> _WORK REQUEST_: Start to finish, print the entries exactly, and carry none of the pictures over.
= = = = = = =
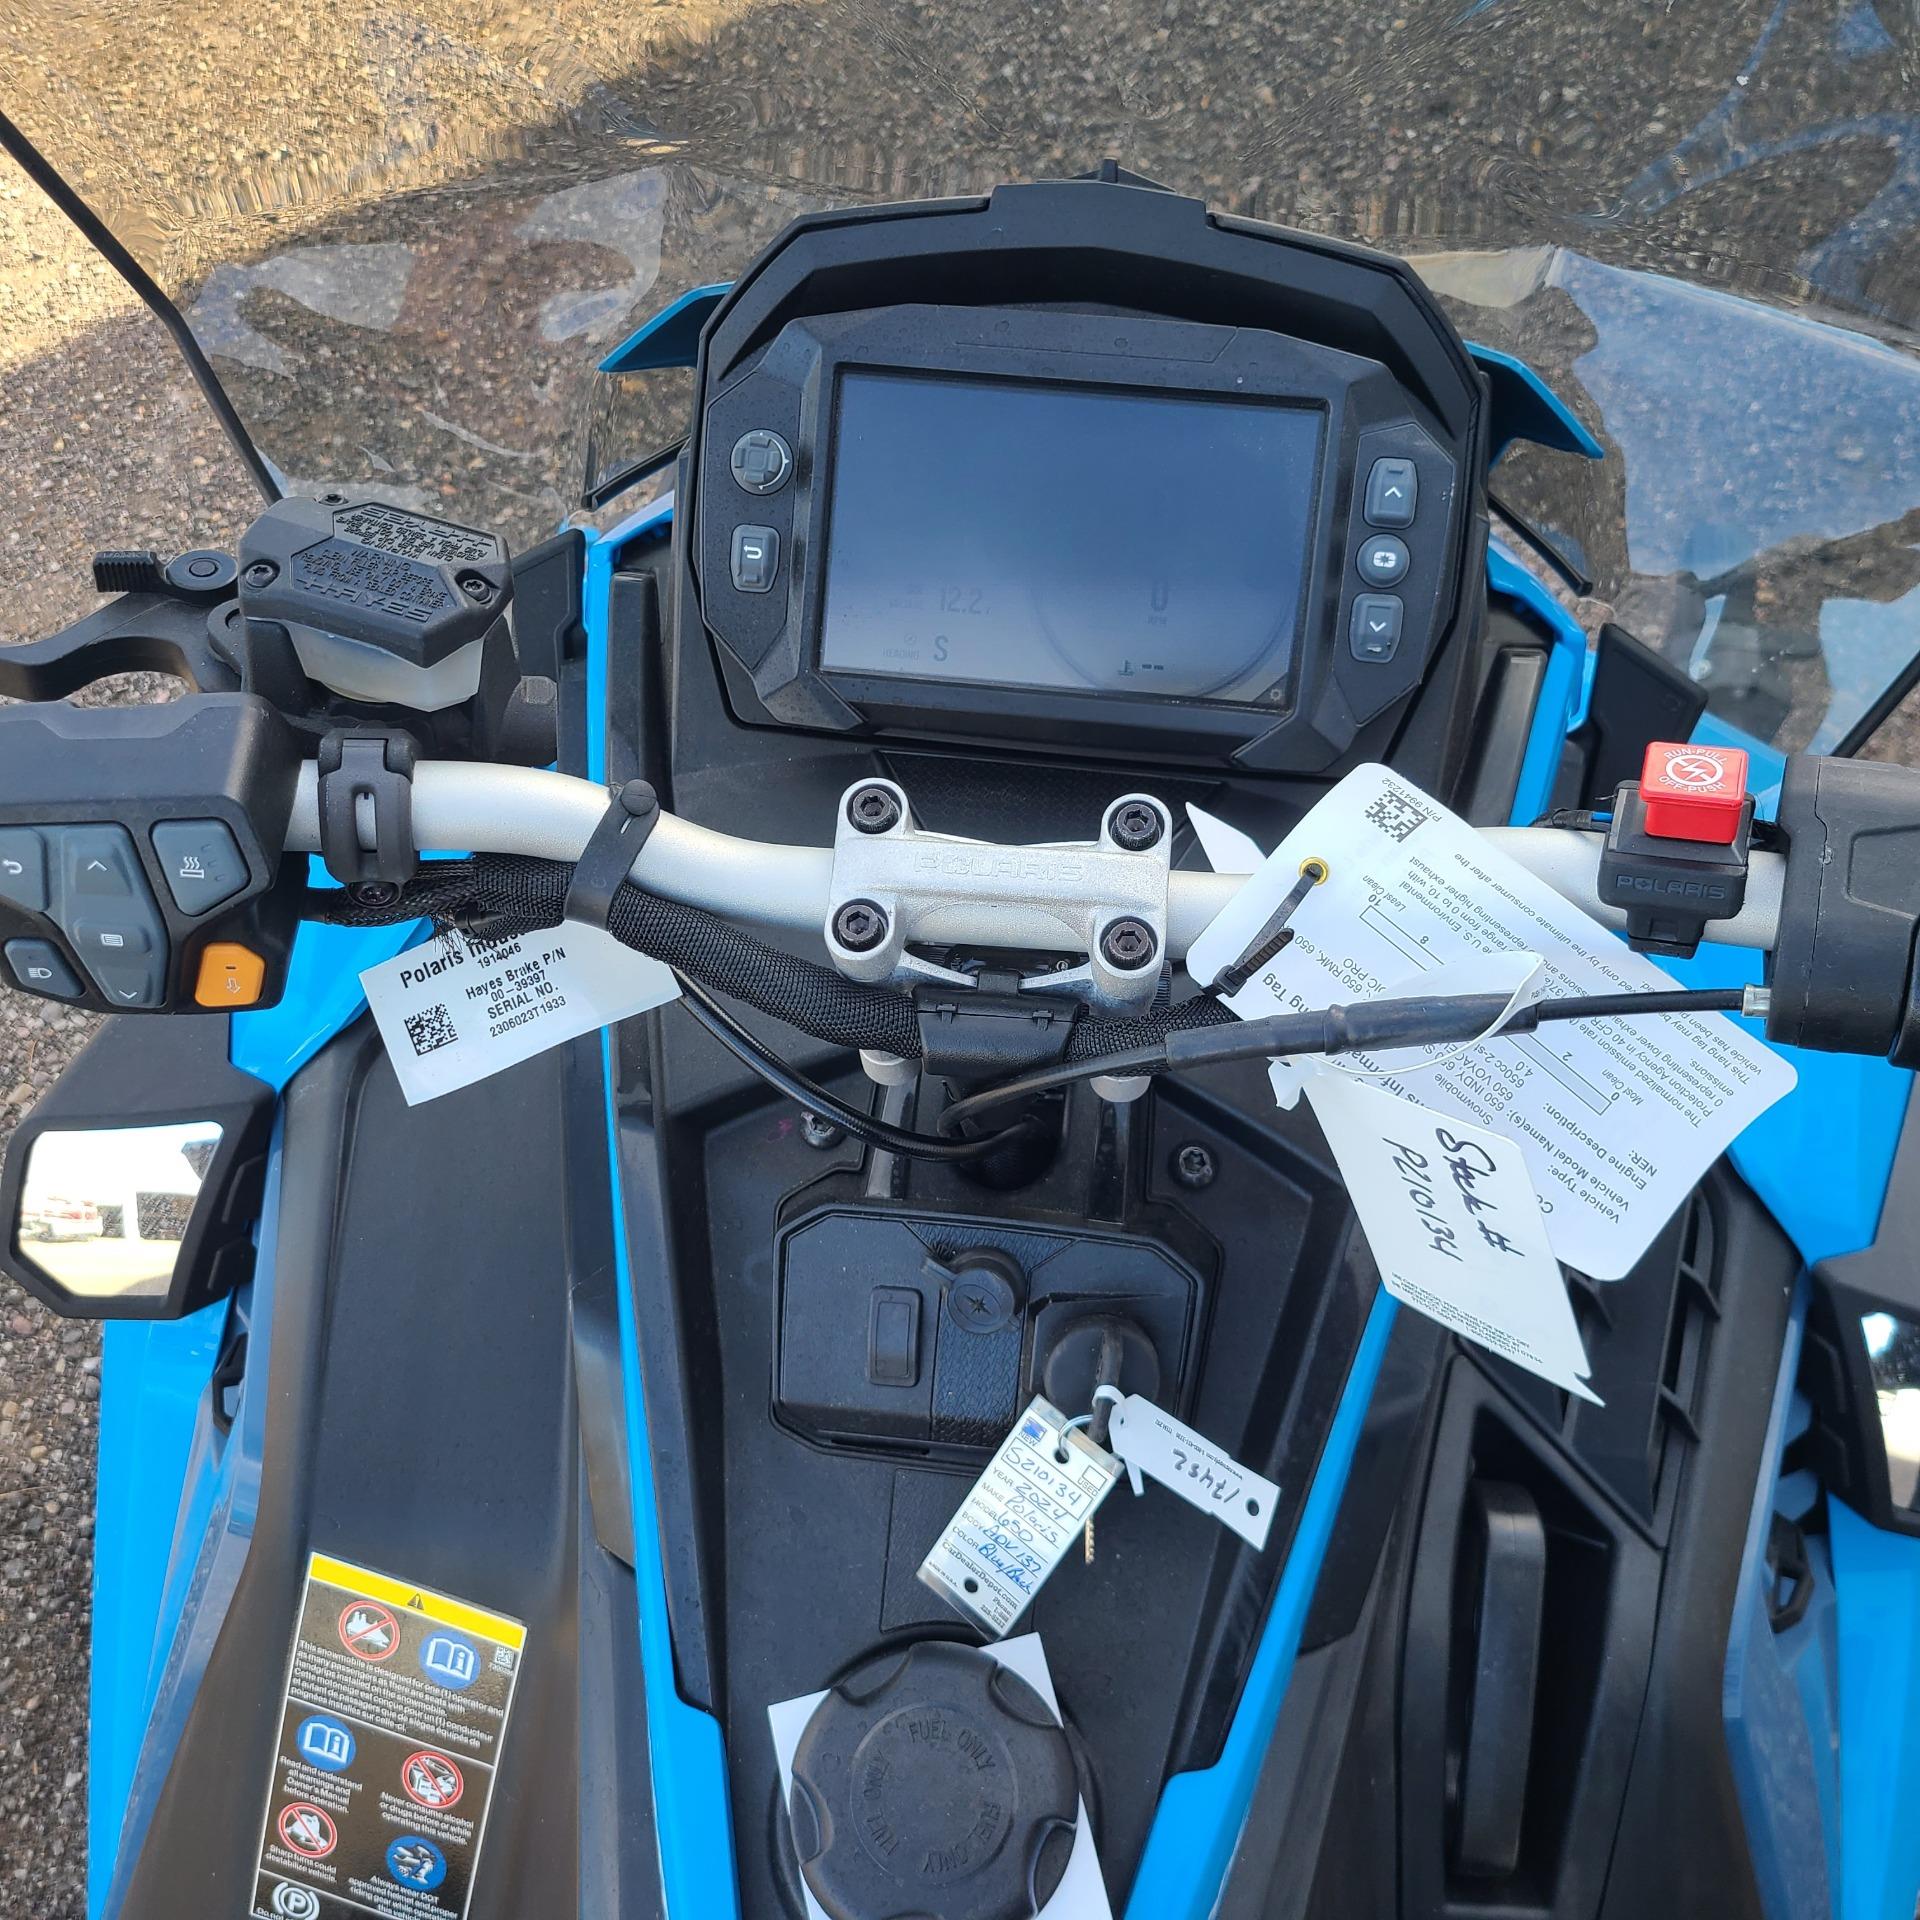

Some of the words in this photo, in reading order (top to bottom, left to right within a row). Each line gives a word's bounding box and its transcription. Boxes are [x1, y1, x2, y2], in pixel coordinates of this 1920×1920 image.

[932, 634, 949, 662] S
[1381, 774, 1423, 810] 9941232
[1422, 805, 1442, 823] P/N
[1408, 855, 1446, 887] exhaust
[1453, 851, 1470, 868] the
[1360, 873, 1386, 896] Clean
[1406, 869, 1427, 888] with
[1468, 863, 1492, 884] after
[1367, 892, 1382, 907] 10
[1425, 883, 1443, 900] 10,
[1442, 881, 1475, 910] higher
[1490, 880, 1536, 919] consumer
[1615, 874, 1726, 900] POLARIS
[1382, 891, 1406, 913] Least
[1398, 879, 1462, 932] Environmental
[1441, 896, 1453, 908] to
[1450, 904, 1460, 914] 0
[1458, 910, 1481, 931] from
[1471, 904, 1529, 952] representing
[1534, 914, 1572, 946] ultimate
[1293, 934, 1316, 955] 650
[1419, 934, 1429, 945] 8
[1460, 929, 1482, 949] U.S.
[1479, 926, 1508, 951] range
[1569, 941, 1587, 958] the
[400, 940, 464, 988] Polaris
[476, 942, 522, 969] 1914046
[1313, 949, 1344, 977] RMK,
[1341, 956, 1369, 981] PRO
[1585, 953, 1600, 967] by
[465, 974, 504, 1001] Hayes
[505, 958, 540, 982] Brake
[542, 946, 566, 965] P/N
[1341, 973, 1363, 993] 650
[1597, 962, 1620, 983] only
[486, 990, 533, 1019] SERIAL
[534, 979, 558, 998] NO.
[1259, 971, 1291, 1001] Tag
[488, 994, 567, 1037] 2306023T1933
[1670, 1017, 1693, 1038] may
[1687, 1016, 1713, 1039] been
[1577, 1022, 1598, 1041] rate
[1611, 1032, 1627, 1047] 40
[1691, 1034, 1709, 1050] tag
[1711, 1034, 1731, 1053] has
[1561, 1050, 1572, 1062] 2
[1595, 1037, 1638, 1073] emission
[1624, 1042, 1636, 1055] in
[1633, 1033, 1662, 1058] lower
[1706, 1046, 1732, 1069] hang
[1491, 1058, 1526, 1089] 650cc
[1514, 1059, 1534, 1079] 4.0
[1633, 1049, 1671, 1081] Agency
[1728, 1047, 1762, 1076] vehicle
[1729, 1064, 1751, 1085] This
[1453, 1066, 1486, 1095] INDY,
[1599, 1067, 1626, 1091] Clean
[1659, 1052, 1717, 1101] representing
[1686, 1057, 1735, 1098] emissions.
[1430, 1072, 1495, 1126] Snowmobile
[1482, 1090, 1506, 1112] 650
[1491, 1080, 1514, 1102] 650
[1610, 1090, 1620, 1101] 0
[1621, 1085, 1644, 1106] Most
[1633, 1068, 1686, 1113] normalized
[1666, 1077, 1714, 1117] Protection
[1713, 1097, 1723, 1108] 0
[1503, 1107, 1556, 1152] Name(s):
[1539, 1101, 1609, 1159] Description:
[1681, 1107, 1703, 1127] The
[1552, 1147, 1590, 1180] Model
[1605, 1153, 1648, 1191] Engine
[1626, 1148, 1658, 1177] NER:
[1545, 1161, 1580, 1193] Type:
[1577, 1187, 1621, 1224] Vehicle
[1588, 1174, 1631, 1211] Vehicle
[1004, 1440, 1081, 1511] S210134
[1018, 1430, 1037, 1447] NEW
[1076, 1477, 1098, 1497] USED
[992, 1466, 1013, 1486] YEAR
[1015, 1476, 1068, 1524] 2024
[971, 1495, 999, 1521] MODEL
[996, 1508, 1036, 1547] 650
[981, 1481, 1004, 1502] MAKE
[1005, 1490, 1063, 1543] Polaris
[951, 1525, 979, 1550] COLOR
[961, 1510, 984, 1531] BODY
[1015, 1548, 1042, 1574] 137
[909, 1719, 948, 1743] FUEL
[957, 1728, 996, 1770] ONLY
= = = = = = =
> _RESULT OF THE TASK_:
Some of the words in this photo, in reading order (top to bottom, left to right within a row). Each line gives a word's bounding box and its transcription. Boxes are [x1, y1, x2, y2], in pixel coordinates of this 1920×1920 image.

[932, 634, 949, 662] S
[1381, 774, 1423, 810] 9941232
[1422, 805, 1442, 823] P/N
[1408, 855, 1446, 887] exhaust
[1453, 851, 1470, 868] the
[1360, 873, 1386, 896] Clean
[1406, 869, 1427, 888] with
[1468, 863, 1492, 884] after
[1367, 892, 1382, 907] 10
[1425, 883, 1443, 900] 10,
[1442, 881, 1475, 910] higher
[1490, 880, 1536, 919] consumer
[1615, 874, 1726, 900] POLARIS
[1382, 891, 1406, 913] Least
[1398, 879, 1462, 932] Environmental
[1441, 896, 1453, 908] to
[1450, 904, 1460, 914] 0
[1458, 910, 1481, 931] from
[1471, 904, 1529, 952] representing
[1534, 914, 1572, 946] ultimate
[1293, 934, 1316, 955] 650
[1419, 934, 1429, 945] 8
[1460, 929, 1482, 949] U.S.
[1479, 926, 1508, 951] range
[1569, 941, 1587, 958] the
[400, 940, 464, 988] Polaris
[476, 942, 522, 969] 1914046
[1313, 949, 1344, 977] RMK,
[1341, 956, 1369, 981] PRO
[1585, 953, 1600, 967] by
[465, 974, 504, 1001] Hayes
[505, 958, 540, 982] Brake
[542, 946, 566, 965] P/N
[1341, 973, 1363, 993] 650
[1597, 962, 1620, 983] only
[486, 990, 533, 1019] SERIAL
[534, 979, 558, 998] NO.
[1259, 971, 1291, 1001] Tag
[488, 994, 567, 1037] 2306023T1933
[1670, 1017, 1693, 1038] may
[1687, 1016, 1713, 1039] been
[1577, 1022, 1598, 1041] rate
[1611, 1032, 1627, 1047] 40
[1691, 1034, 1709, 1050] tag
[1711, 1034, 1731, 1053] has
[1561, 1050, 1572, 1062] 2
[1595, 1037, 1638, 1073] emission
[1624, 1042, 1636, 1055] in
[1633, 1033, 1662, 1058] lower
[1706, 1046, 1732, 1069] hang
[1491, 1058, 1526, 1089] 650cc
[1514, 1059, 1534, 1079] 4.0
[1633, 1049, 1671, 1081] Agency
[1728, 1047, 1762, 1076] vehicle
[1729, 1064, 1751, 1085] This
[1453, 1066, 1486, 1095] INDY,
[1599, 1067, 1626, 1091] Clean
[1659, 1052, 1717, 1101] representing
[1686, 1057, 1735, 1098] emissions.
[1430, 1072, 1495, 1126] Snowmobile
[1482, 1090, 1506, 1112] 650
[1491, 1080, 1514, 1102] 650
[1610, 1090, 1620, 1101] 0
[1621, 1085, 1644, 1106] Most
[1633, 1068, 1686, 1113] normalized
[1666, 1077, 1714, 1117] Protection
[1713, 1097, 1723, 1108] 0
[1503, 1107, 1556, 1152] Name(s):
[1539, 1101, 1609, 1159] Description:
[1681, 1107, 1703, 1127] The
[1552, 1147, 1590, 1180] Model
[1605, 1153, 1648, 1191] Engine
[1626, 1148, 1658, 1177] NER:
[1545, 1161, 1580, 1193] Type:
[1577, 1187, 1621, 1224] Vehicle
[1588, 1174, 1631, 1211] Vehicle
[1004, 1440, 1081, 1511] S210134
[1018, 1430, 1037, 1447] NEW
[1076, 1477, 1098, 1497] USED
[992, 1466, 1013, 1486] YEAR
[1015, 1476, 1068, 1524] 2024
[971, 1495, 999, 1521] MODEL
[996, 1508, 1036, 1547] 650
[981, 1481, 1004, 1502] MAKE
[1005, 1490, 1063, 1543] Polaris
[951, 1525, 979, 1550] COLOR
[961, 1510, 984, 1531] BODY
[1015, 1548, 1042, 1574] 137
[909, 1719, 948, 1743] FUEL
[957, 1728, 996, 1770] ONLY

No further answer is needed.